Importantissima questa dichiarazione. Finché solo Pistocchi aveva avuto il coraggio di dire qualcosa noi potevamo dire ciò che volevamo che non cambiava nulla, ma Zeman non è proprio un Pistocchi qualunque.


----------



## Raryof (25 Giugno 2020)

Davidoff ha scritto:


> Il sospetto viene, c'è da dire però che in Europa ci sono altre squadre che tengono i loro ritmi e la loro intensità, il calcio attuale si sta spostando in quella direzione. A noi sembrano alieni perché in Italia siamo indietro sotto tutti i punti di vista, in più loro fanno mercato puntando proprio giocatori con quelle caratteristiche.



Atalanta non sta in provincia di Bergamo (ITA)?
E' un caso raro, ma lo scopriremo solamente quando saranno scoppiati perché come ho scritto sopra prima o poi si fermeranno.
E' un all in, se la giocano ora, ovviamente loro sono l'Atalanta e nessuno dirà niente, "sono mediocri, sono una cenerentola, una favola" e poi zaac, vai a vedere il loro rendimento e sembrano fare un altro sport con Palomino vari..
Io ricordo il Pasalic di qualche anno fa, ora è un altro giocatore, prendete Conti, Kessie il 30 enne (da loro aveva solo 26-27 anni), anni fa volavano, da noi non gli ho visto fare una partita a tutta, da alieni, semplicemente irreale.


----------



## A.C Milan 1899 (25 Giugno 2020)

Raryof ha scritto:


> Atalanta non sta in provincia di Bergamo (ITA)?
> E' un caso raro, ma lo scopriremo solamente quando saranno scoppiati perché come ho scritto sopra prima o poi si fermeranno.
> E' un all in, se la giocano ora, ovviamente loro sono l'Atalanta e nessuno dirà niente, "sono mediocri, sono una cenerentola, una favola" e poi zaac, vai a vedere il loro rendimento e sembrano fare un altro sport con Palomino vari..
> Io ricordo il Pasalic di qualche anno fa, ora è un altro giocatore, prendete Conti, Kessie il 30 enne (da loro aveva solo 26-27 anni), anni fa volavano, da noi non gli ho visto fare una partita a tutta, da alieni, semplicemente irreale.



Ma pure Gagliardini da loro sembrava un altro giocatore.
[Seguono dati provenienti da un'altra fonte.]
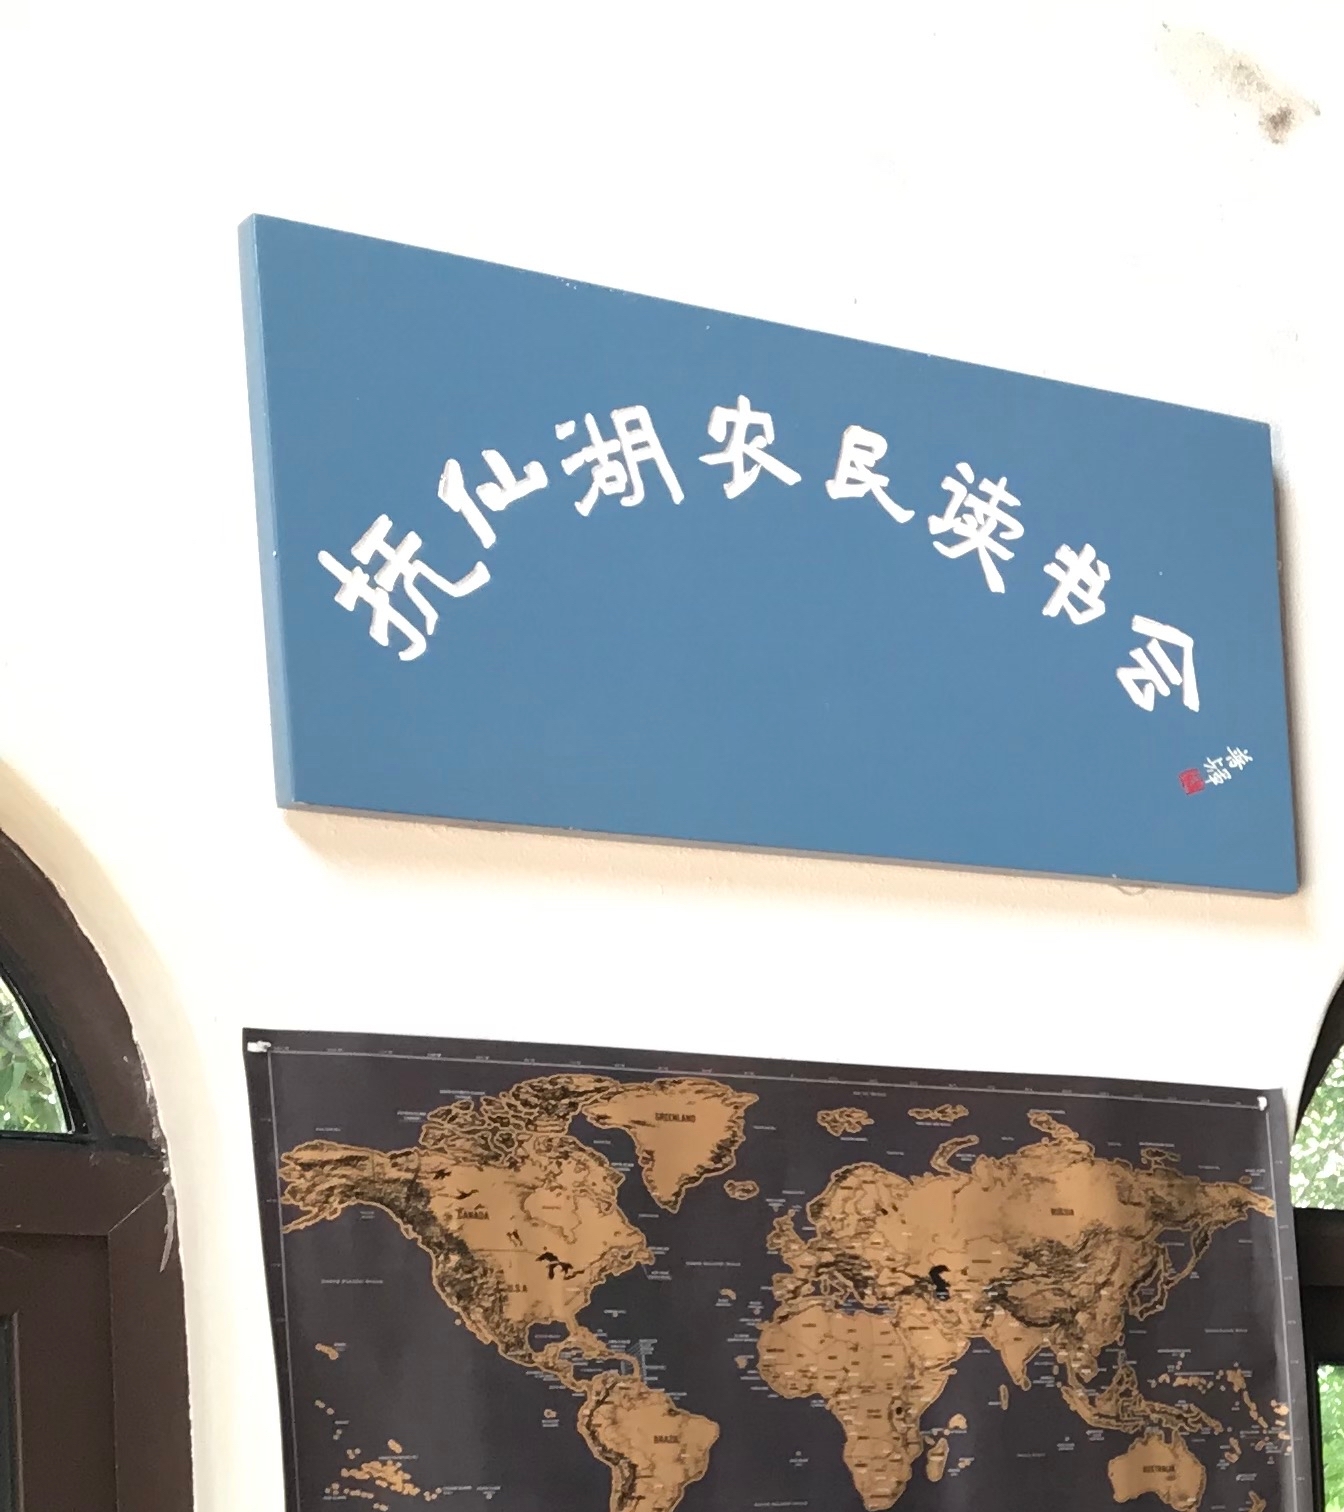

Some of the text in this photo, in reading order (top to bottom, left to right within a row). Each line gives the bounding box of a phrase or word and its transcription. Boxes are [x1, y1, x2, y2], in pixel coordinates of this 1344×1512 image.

[317, 395, 1202, 662] 抚仙湖农民读书会
Pure Cristante, Grassi, Gabbiadini, oltre ai casi eclatanti di Kessien e Ugo Conti da te menzionati.

Si potrebbero fare esempi per ore.

C’è del marcio in Danimarca, per citare l’Amleto, e Bangsbo fatalità è... danese!


----------



## Miracle1980 (25 Giugno 2020)

Man, sinceramente mi sembrano accuse senza senso ragazzi. Se andate a vedere la classifica sulle squadre che corrono più km quest’anno l’Atalanta è al 9 posto. L’Inter domina questa classifica.
Piuttosto farei i complimenti a Gasperini visto che ieri ha fatto un secondo tempo con la difesa schierata a centrocampo...coraggio e rischio ben premiati.
Pressing attuato perfettamente e tanto possesso palla con la Lazio a CORRERE dietro il pallone.
In Champions possono tranquillamente imitare l’Ajax dello scorso anno...


----------



## Le Grand Milan (25 Giugno 2020)

Raryof ha scritto:


> Credo stiano tendando l'impresa Champions da quando sono andati in EL, prima c'era il "bel Napoli", quello del bel gioco, quello che arrivò in Champs e non fece neanche malissimo, poi la Rometta che di riffa e di raffa ha "vinto" una semi di Champs quasi a fine ciclo "d'oro" ma perdente, poi giustamente i media si sono riportati subito sul ritorno del Milan che è tornato in Champions grazie al fondo di strozz.. ah no scusate, quello non è vero, non può succedere.
> Attenzione perché l'Atalanta ha un sistema di gioco che basa tutto sull'intensità e sulla corsa, sono dopati? sicuramente sì, infatti stanno facendo all in e se la giocano qui, come il Marsiglia nel 93, vedono la possibilità (soprattutto in gara secca) di poter addirittura arrivare in finale e vedrete, col caldo che ci sarà avranno un vantaggio doppio perché da una parte c'è il grande club che vuole affossarti coi passaggini e con gli esterni con gamba e dall'altra ci sono loro che corrono il triplo e sfruttano a dovere i calci da fermo, questo in campo internazionale dove la corsa e l'intensità la fanno da padrone, se arriveranno ben dopati potrebbe succedere l'inimmaginabile, del resto anche il Borussia tanti anni fa arrivò in finale, ma qui parliamo di una squadra con giocatori mediocri, una squadra che ha un predominio fisico nell'arco dei 90 minuti assurdo, per me, ripeto, se la stanno giocando ora e con bombe annesse, sono baldanzosi, sicuri, si sentono di poter recuperare uno 0-2 come se niente fosse, bah, purtroppo sembra davvero qualcosa di marcio e voglio capire quando avrà fine, cosa servirà per tirarli giù, un Giannino sicuramente non può bastare... credo si dovrà tornare a fare i seri e bloccare i posti Champs, senza più la certezza di arrivare tra le prime 4 il palloncino si sgonfierà e lì ci sarà poco da fare anche per i marziani bergamaschi perché l'Atalanta strutturalmente non può permettersi di mantenersi a questi livelli con una certa costanza, né a livello psicofisico, ambientale, societario, tecnico, economico, conta poco la Champs e gli introiti, loro prendono i soldi ma non spendono, vendere a tanto e comprare a poco, prima o poi il giochino finirà.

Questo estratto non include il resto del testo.